▸ Supplied data
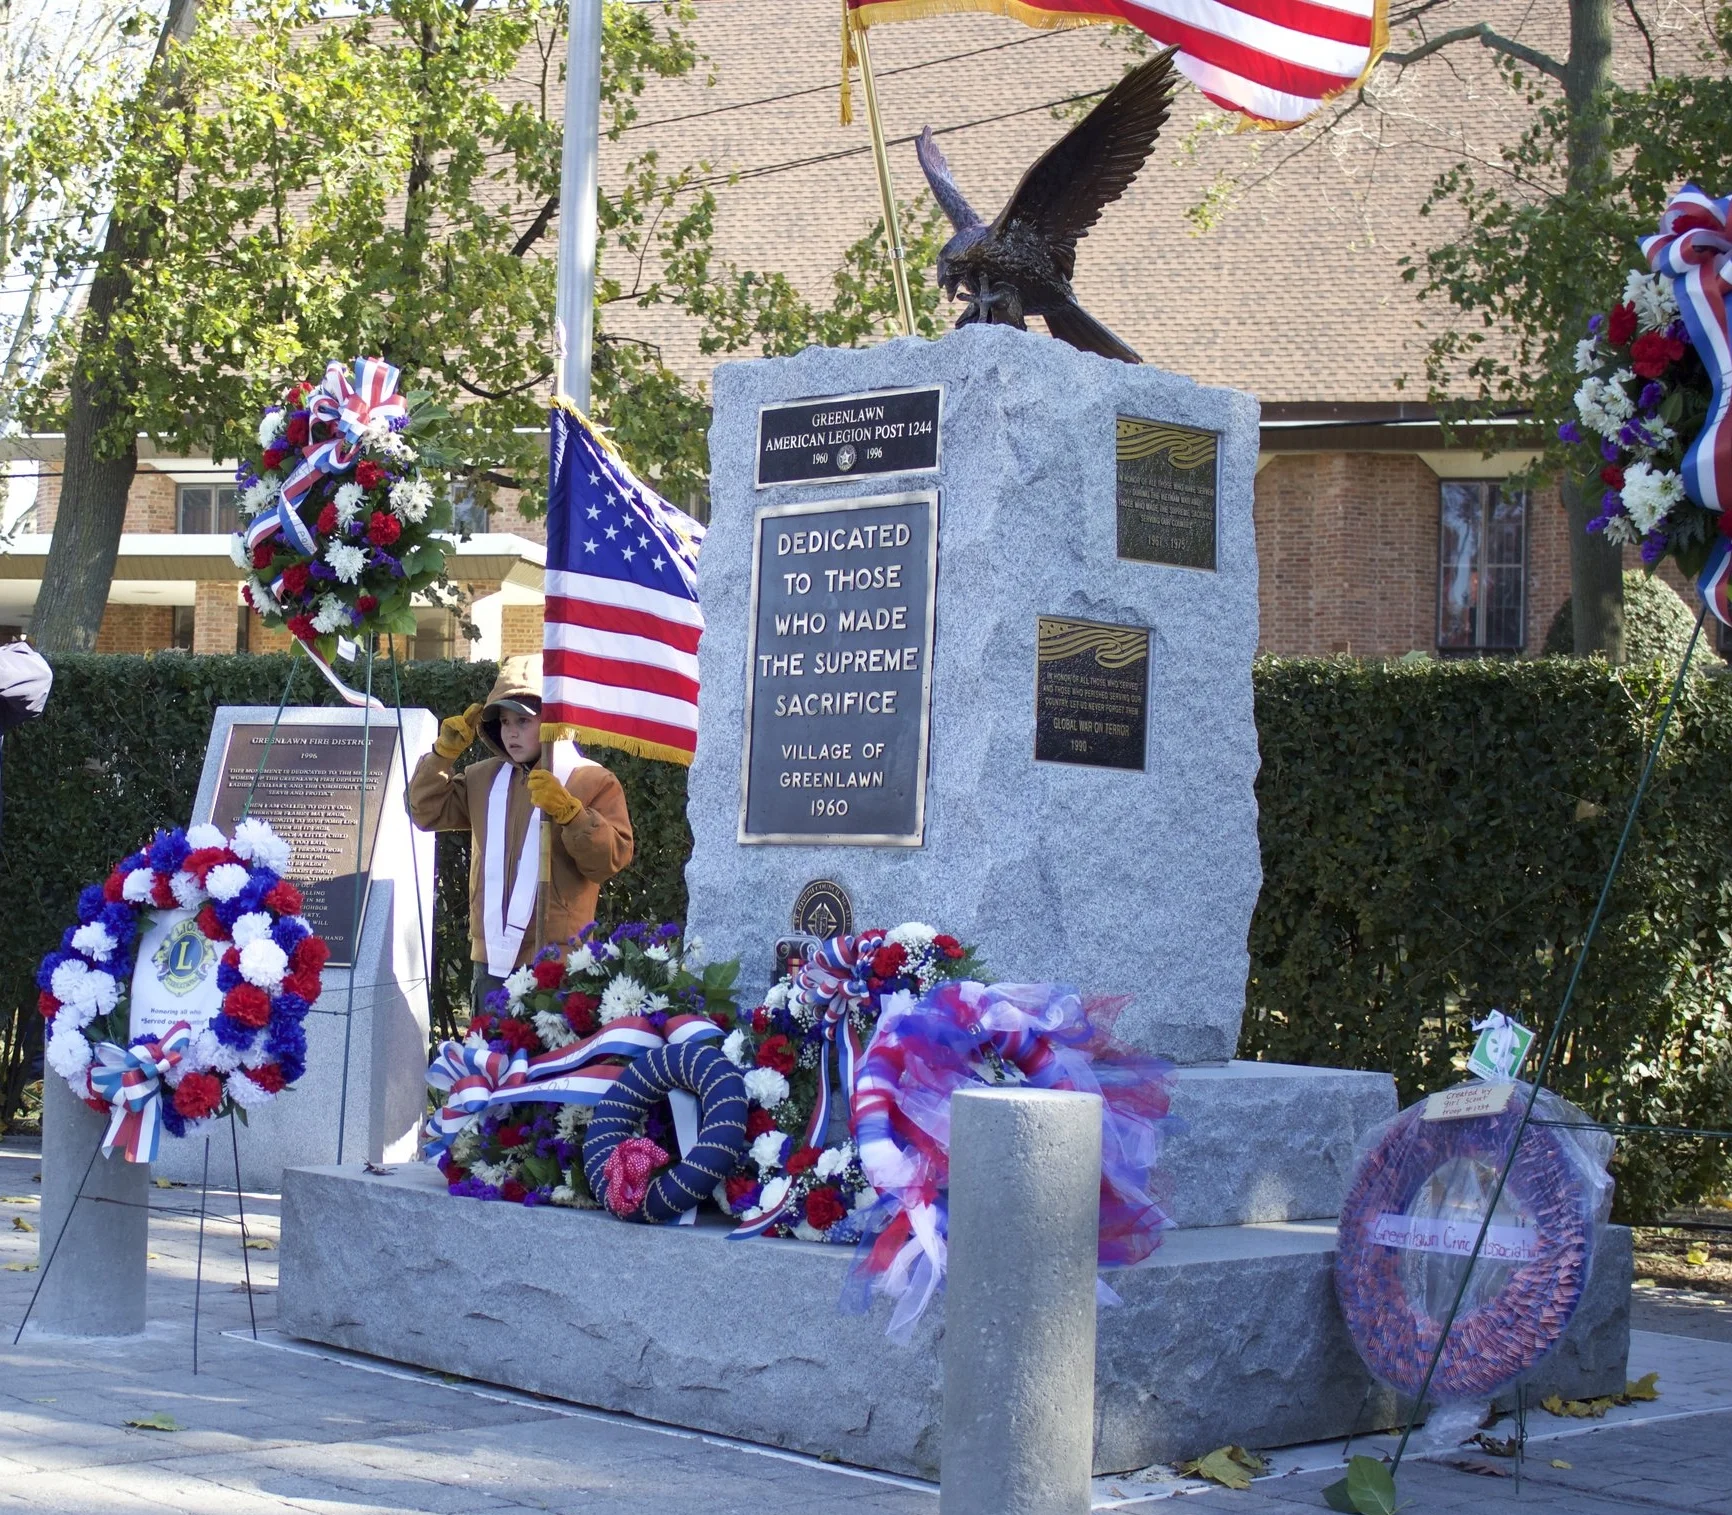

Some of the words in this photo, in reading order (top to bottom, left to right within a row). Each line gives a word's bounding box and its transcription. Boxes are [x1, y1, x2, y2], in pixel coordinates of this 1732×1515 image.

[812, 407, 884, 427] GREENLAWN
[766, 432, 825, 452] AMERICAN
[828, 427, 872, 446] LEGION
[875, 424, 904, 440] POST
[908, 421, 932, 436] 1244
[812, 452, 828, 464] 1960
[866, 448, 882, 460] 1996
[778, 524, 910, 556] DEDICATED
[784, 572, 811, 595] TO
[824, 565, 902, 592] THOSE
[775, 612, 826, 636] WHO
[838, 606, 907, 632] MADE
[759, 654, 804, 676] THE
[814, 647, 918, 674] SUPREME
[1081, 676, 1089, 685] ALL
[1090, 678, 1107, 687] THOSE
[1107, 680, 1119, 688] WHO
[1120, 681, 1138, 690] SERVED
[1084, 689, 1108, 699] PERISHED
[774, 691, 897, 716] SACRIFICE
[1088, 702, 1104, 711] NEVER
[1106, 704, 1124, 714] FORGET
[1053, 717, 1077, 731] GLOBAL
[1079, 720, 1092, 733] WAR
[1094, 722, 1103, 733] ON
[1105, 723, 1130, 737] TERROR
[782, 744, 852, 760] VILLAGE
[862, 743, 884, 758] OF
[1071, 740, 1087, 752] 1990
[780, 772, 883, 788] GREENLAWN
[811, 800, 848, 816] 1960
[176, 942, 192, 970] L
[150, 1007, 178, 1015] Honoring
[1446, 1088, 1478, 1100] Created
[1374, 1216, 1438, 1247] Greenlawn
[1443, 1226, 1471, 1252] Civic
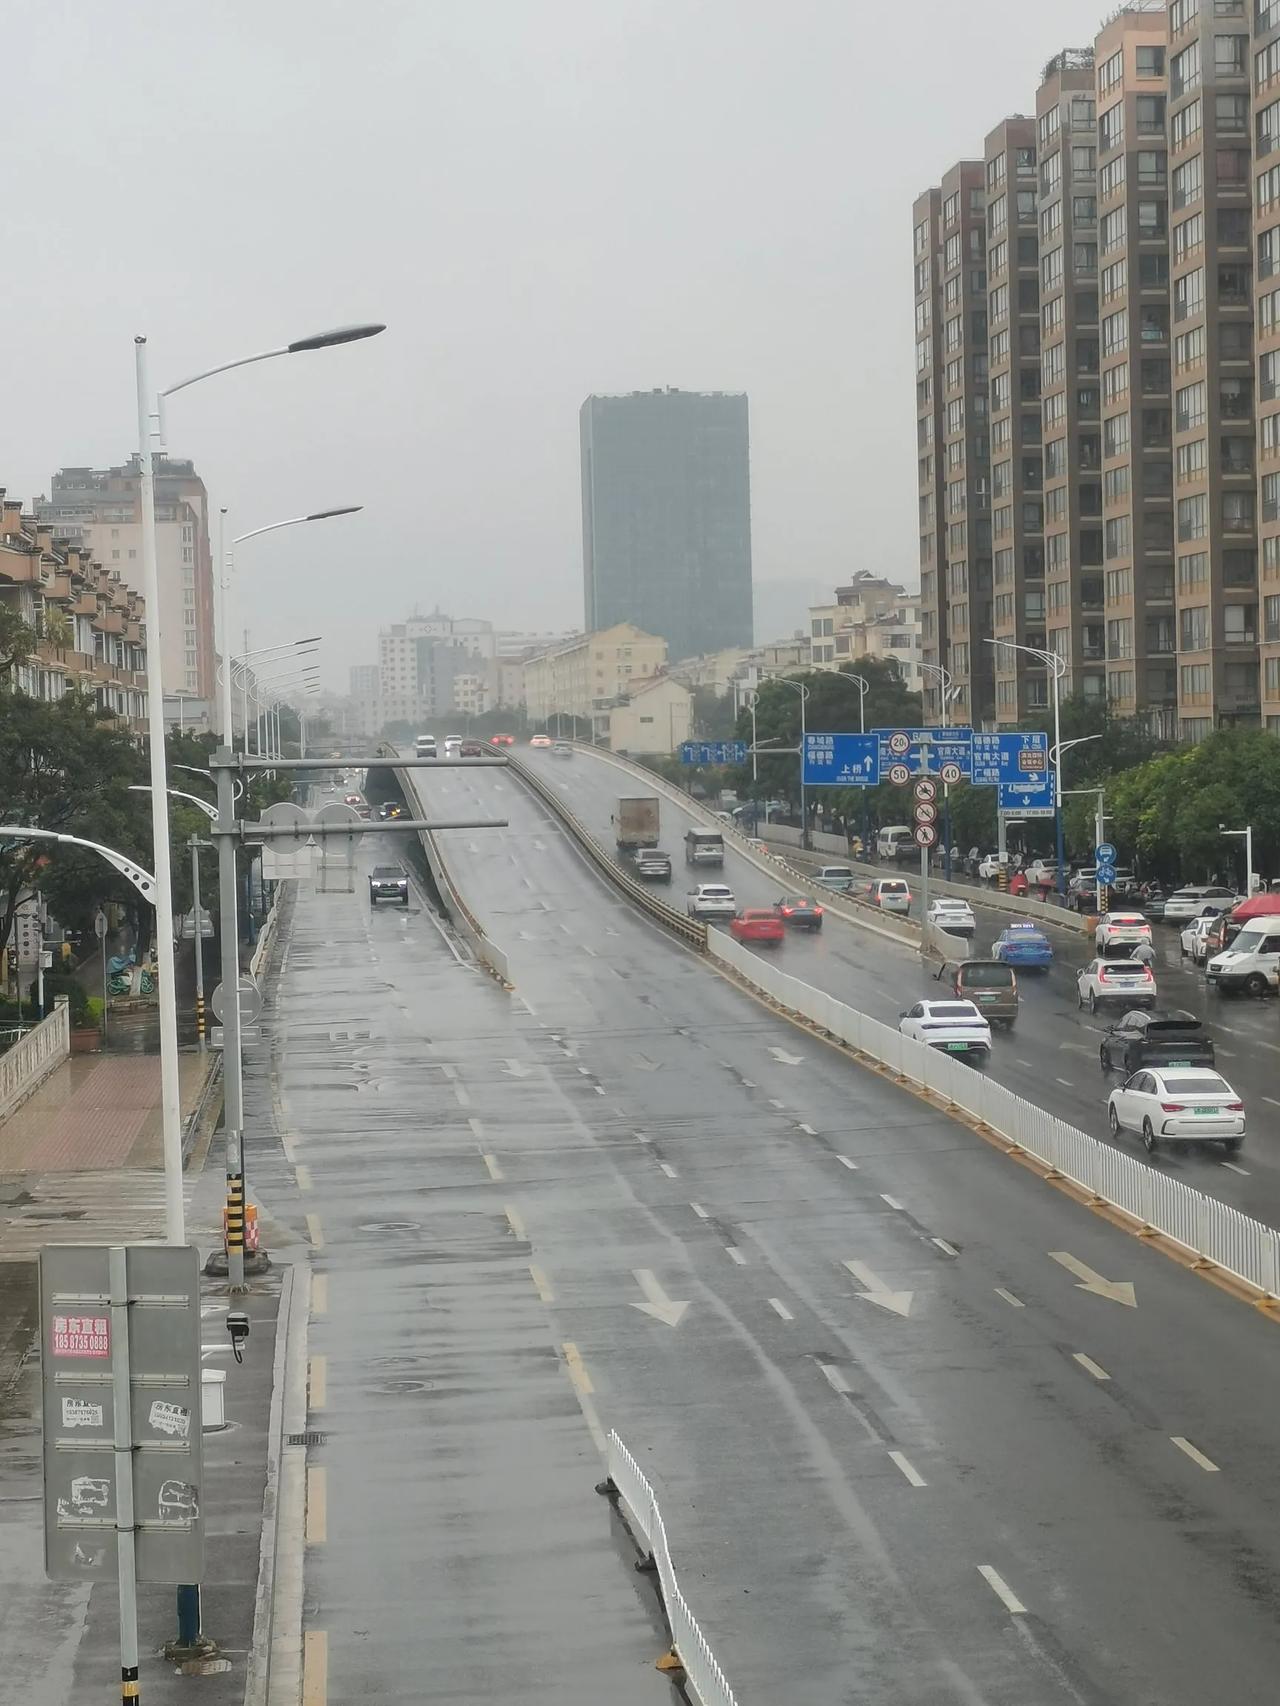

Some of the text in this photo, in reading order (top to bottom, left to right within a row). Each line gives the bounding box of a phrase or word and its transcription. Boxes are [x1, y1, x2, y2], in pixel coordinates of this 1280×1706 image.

▸ Exercise objective
Return all records exactly; no pictures.

▸ Answer to this task
Some of the words in this photo, in reading order (top to bottom, left to right within a row). Each line gives a word's bounding box and its transcription. Boxes are [x1, y1, x2, y2], in pixel coordinates of this 1732×1515 image.

[812, 407, 884, 427] GREENLAWN
[766, 432, 825, 452] AMERICAN
[828, 427, 872, 446] LEGION
[875, 424, 904, 440] POST
[908, 421, 932, 436] 1244
[812, 452, 828, 464] 1960
[866, 448, 882, 460] 1996
[778, 524, 910, 556] DEDICATED
[784, 572, 811, 595] TO
[824, 565, 902, 592] THOSE
[775, 612, 826, 636] WHO
[838, 606, 907, 632] MADE
[759, 654, 804, 676] THE
[814, 647, 918, 674] SUPREME
[1081, 676, 1089, 685] ALL
[1090, 678, 1107, 687] THOSE
[1107, 680, 1119, 688] WHO
[1120, 681, 1138, 690] SERVED
[1084, 689, 1108, 699] PERISHED
[774, 691, 897, 716] SACRIFICE
[1088, 702, 1104, 711] NEVER
[1106, 704, 1124, 714] FORGET
[1053, 717, 1077, 731] GLOBAL
[1079, 720, 1092, 733] WAR
[1094, 722, 1103, 733] ON
[1105, 723, 1130, 737] TERROR
[782, 744, 852, 760] VILLAGE
[862, 743, 884, 758] OF
[1071, 740, 1087, 752] 1990
[780, 772, 883, 788] GREENLAWN
[811, 800, 848, 816] 1960
[176, 942, 192, 970] L
[150, 1007, 178, 1015] Honoring
[1446, 1088, 1478, 1100] Created
[1374, 1216, 1438, 1247] Greenlawn
[1443, 1226, 1471, 1252] Civic

Some of the text in this photo, in reading order (top to bottom, left to right within a row). Each line gives the bounding box of a phrase or word and its transcription. Boxes are [x1, y1, x2, y2], in pixel coordinates of this 1280×1706 image.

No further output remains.